My wife has been riding road bikes for decades (We are in our late-50s). She used to do a little light duty MTB, but quite frankly, she isn't much of a climber when it comes to steep stuff. She has climbed many road passes in Colorado, including Loveland, Berthoud, and Monarch, but once things get above 7% or so she isn't all that interested. Since many MTB rides on the Front Range have at least some steep stuff, she used to end up walking a lot, and wasn't happy. She pretty much stopped riding MTBs 20 years ago. 

Enter the ebike. She can ride the stuff less than 7% on Eco mode and have a great time. When the steep stuff hits, she can toggle up to Sport mode. She climbed a 1/2 mile, 15% section of trail today on the Bosch-assisted eMTB, something she has never done, ever. She politely waited for me as I ground up in my granny. We actually did a two hour MTB ride together for the first time in at least 20 years. It was really fun. 

eMTBs are going to keep us riding together. Thanks to Jeffco, CO open space for having the cahones to tell the haters to flip off, and allowing Class 1 eBikes on their trails.


----------



## life behind bars (May 24, 2014)

You couldn't ride anywhere else I guess? Pretty weak reasoning.


----------



## sparrow (Dec 30, 2003)

I think he was saying “props” to the land manager for allowing Class 1 eBikes?


----------



## honkinunit (Aug 6, 2004)

life behind bars said:


> You couldn't ride anywhere else I guess? Pretty weak reasoning.

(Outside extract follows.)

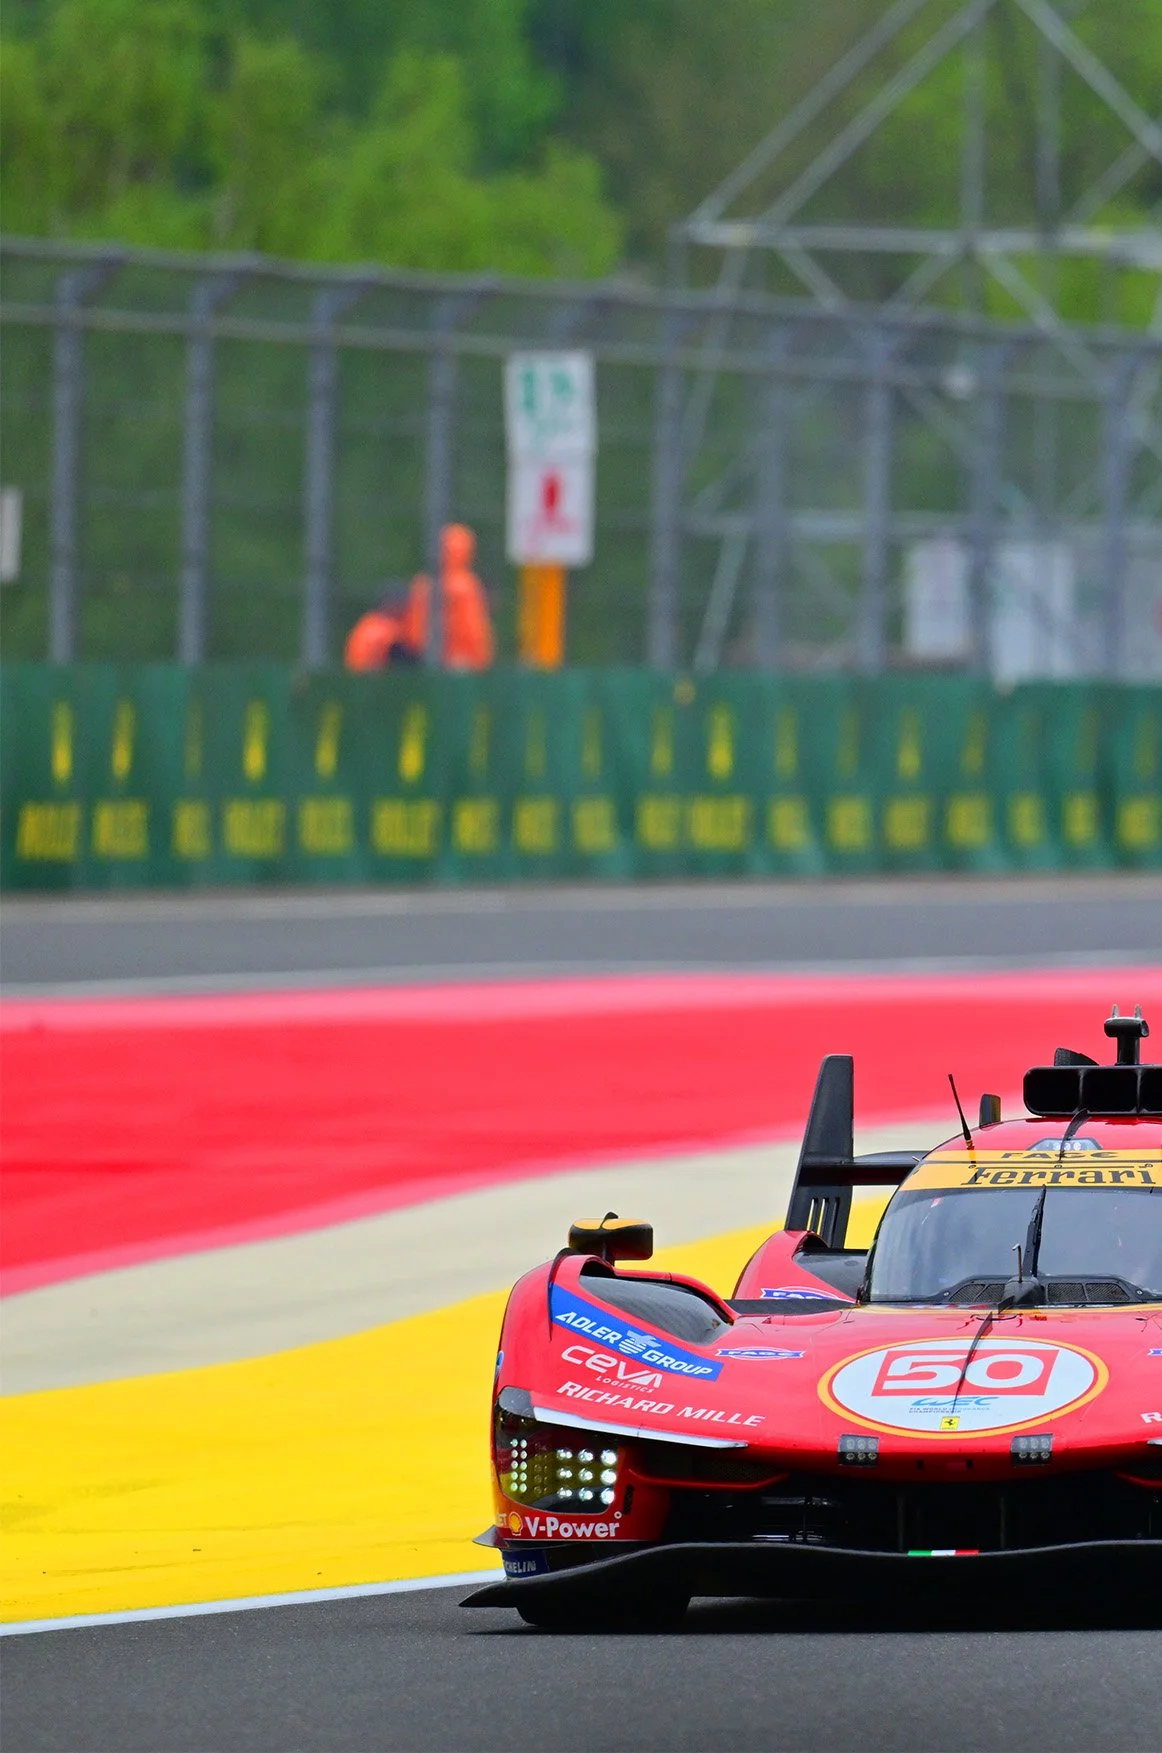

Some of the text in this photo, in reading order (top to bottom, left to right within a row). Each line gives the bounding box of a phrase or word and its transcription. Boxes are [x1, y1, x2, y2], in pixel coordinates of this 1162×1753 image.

Did you fail your ESL classes? What "reasoning" was involved? We wanted to take an MTB ride on trails that have long, steep sections, and the eMTB allowed her to do it.


----------



## fos'l (May 27, 2009)

Thanks for the report; wish I could say that about my wife, but she pretty much keeps up without assist (unless we're both riding our e-MTB's).


----------



## justin70 (Sep 17, 2007)

honkinunit said:


> Did you fail your ESL classes? What "reasoning" was involved? We wanted to take an MTB ride on trails that have long, steep sections, and the eMTB allowed her to do it.


I think he's just upset about ebikes in general and is irrationally directing his anger at you.


----------



## Matfam (May 6, 2012)

My wife has Multiple Sclerosis and wouldn’t be riding at all without an ebike. She’s my best friend, ebikes completely rock!


Sent from my iPad using Tapatalk


----------



## Twimby (Jun 27, 2013)

justin70 said:


> I think he's just upset about ebikes in general and is irrationally directing his anger at you.


Yes, strange that a person, with his no motor, no way motto, is one of the most active members in the forum.  Just a misery guts.

Got my wife a little Hybrid E bike, she loves it, gives us another thing to do together.


----------



## Leebherron (Jan 21, 2004)

E-bikes are bringing biking families back together ! Perfect on the back of a camper too
"Life Live It !"


----------



## natrat (Mar 20, 2008)

Twimby said:


> Yes, strange that a person, with his no motor, no way motto, is one of the most active members in the forum. Just a misery guts.
> 
> Got my wife a little Hybrid E bike, she loves it, gives us another thing to do together.


what a miserable dude that he has to troll so much


----------



## Giant Warp (Jun 11, 2009)

Great to see people having fun on their ebikes! When people I know fly into Salt Lake I loan them the wife's ebike so we can get a good ride in.


----------



## Wacha Wacha Wacha (Sep 27, 2017)

I wonder when someone will develop www.emtbr.com and separate this?

Sent from my iPhone using Tapatalk


----------



## Giant Warp (Jun 11, 2009)

That link showed a bike with a coil shock. Coil shocks scare me. Moderator, please delete immediately! Please post link to a forum safe space....


----------



## honkinunit (Aug 6, 2004)

bbarry404 said:


> I wonder when someone will develop www.emtbr.com and separate this?
> 
> Sent from my iPhone using Tapatalk


How about the Gravel bike forum? Does it belong on "MTBR"?


----------



## Mackeral_Fillet (Sep 16, 2017)

These guys are on EMTB's aged 70:


----------



## leeboh (Aug 5, 2011)

On the tandem the wife is always the same distance behind me. More than 1 way to get out and enjoy the trails together.


----------



## honkinunit (Aug 6, 2004)

leeboh said:


> On the tandem the wife is always the same distance behind me. More than 1 way to get out and enjoy the trails together.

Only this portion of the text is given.